8. LISZTOMANIA - I've loved this film from my only viewing on a pan & scan VHS eight years ago, and seeing a near-pristine 35mm print of it was pretty much a religious experience. (I think just about everyone else hated it.) What makes the film is the audacity of the direction it goes with the ending. I dare not speak more, other than to say that I first discovered this film when Jim O'Rourke claimed in an interview his hobby was trying to figure out how LISZTOMANIA was funded. If you can get money for Roger Daltrey playing Franz Liszt, with Ringo Starr as the Pope, you can get money for anything. Or, perhaps, you can never get money for anything again.
9. THUNDERBIRDS ARE GO! - I didn't grow up with the thunderbirds, but this movie is really fucking boring. I swear it opens with a ten minute spaceship getting ready to launch sequence. It's an exciting exercise in puppetry and production design, but as a movie it blows.
10. TO LIVE AND DIE IN LA - A film I've been meaning to see for years and years but never got around to it. A bit slow in pace to play this late in the 'Thon, and the cliched opening meant it took a while to get into it (in the first post-credit scene, our hero cop gives his retiring partner a fishing rod, but the partner has to do one last job before he retires - care to guess how that goes?), but still really fucking good.
11. HOLY MOUNTAIN - Not sure if it's mean or brilliant to play this after 18 hours of consecutive movie watching. I'd never seen any films by crazed Mexican mystic Alejandro Jodorowsky before, and was shocked that despite it being very easy to argue it's a load of crap it sort of seemed like a masterpiece. (*TINY LITTLE SPOILER*) It says something when you're watching a movie where suddenly a guy's breasts turn into tigers and he's shooting milk into another guy's mouth, and you don't even *react* because it's just par for the course. If only he'd succeeded in getting John Lennon to star in the film.
12. BLACK AGENT LUCKY KING - Never heard of this blaxploitation film before? There's a reason. (Apparently it's also called SOLOMON KING, should you be trying to find these films on IMDB. Which I recommend, at least in the case of TROLL 2, as it has some of the funniest user reviews ever.) Pretty much the lamest crimefighter of all time. Also a crap print, so it's possible that all the action scenes have disappeared over the years. (Other reports indicate that there were three reels missing. I thought I didn't fall asleep for that long.)
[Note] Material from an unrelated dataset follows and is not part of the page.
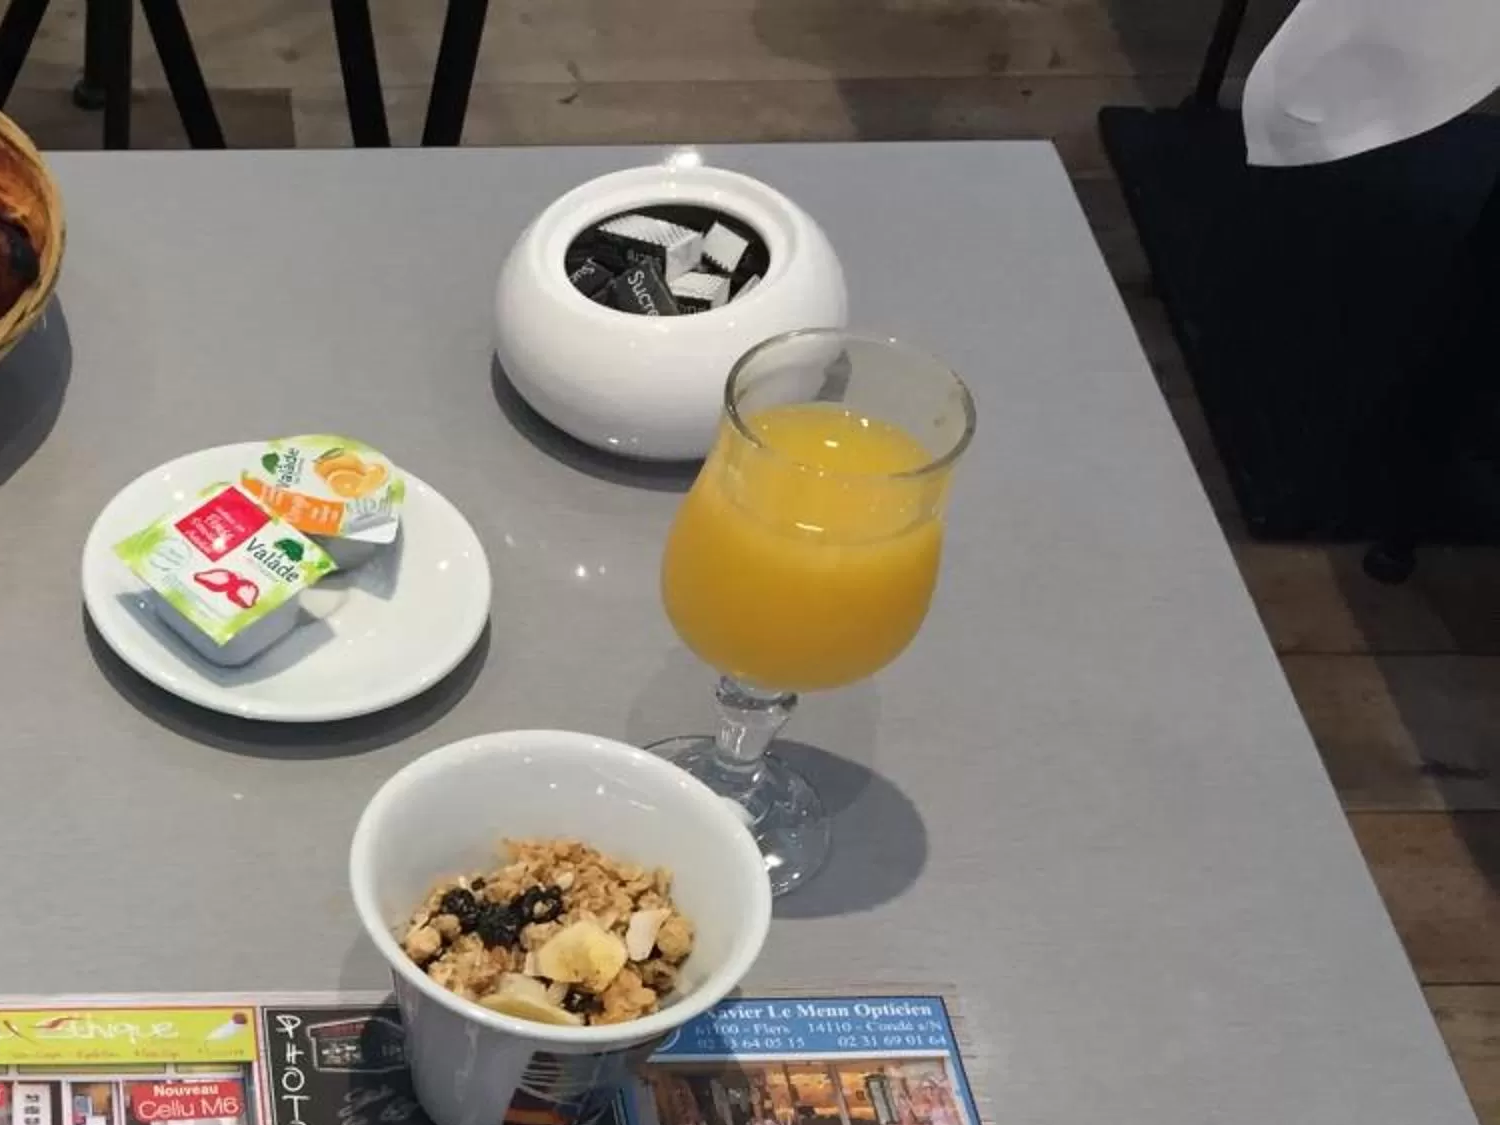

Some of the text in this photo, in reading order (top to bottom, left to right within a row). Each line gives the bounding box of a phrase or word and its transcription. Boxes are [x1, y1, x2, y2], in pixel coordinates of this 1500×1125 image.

13. INVASION OF THE BODY SNATCHERS - Never saw this before. Fanbloodytastic. I didn't have any idea how it would end, and it's perfect. Plus it's got Leonard Nimoy!
In sum, or if you were too lazy to read the above:
RECOMMENDED FOR PEOPLE WHO LIKE GOOD MOVIES: INVASION OF THE BODY SNATCHERS, TO LIVE AND DIE IN LA
RECOMMENDED FOR PEOPLE WHO LIKE ENTERTAINING MOVIES: CRANK, TOP SECRET!, STREETS OF FIRE
RECOMMENDED FOR PEOPLE WHO LIKE BAD MOVIES: LADY TERMINATOR, TROLL 2
RECOMMENDED FOR PEOPLE WHO LIKE INSANE MOVIES: LISZTOMANIA, HOLY MOUNTAIN
RECOMMENDED FOR PEOPLE WHO ARE MASOCHISTIC IN THEIR LOVE OF BAD FILMS: BURIAL GROUND
RECOMMENDED FOR PEOPLE WHO HAVE INSOMNIA: BLACK AGENT LUCKY KING, THUNDERBIRDS ARE GO!
RECOMMENDED FOR NOBODY: BEHIND LOCKED DOORS
Should you require more detail - like 22,000 words more, including copious spoilers, and a reveal of my "net handle" on the Headstrong board (ooh, the suspense!) - go
here.
The lentils still aren't cooked. And I think I might have just added too much chili paste. Hmmm.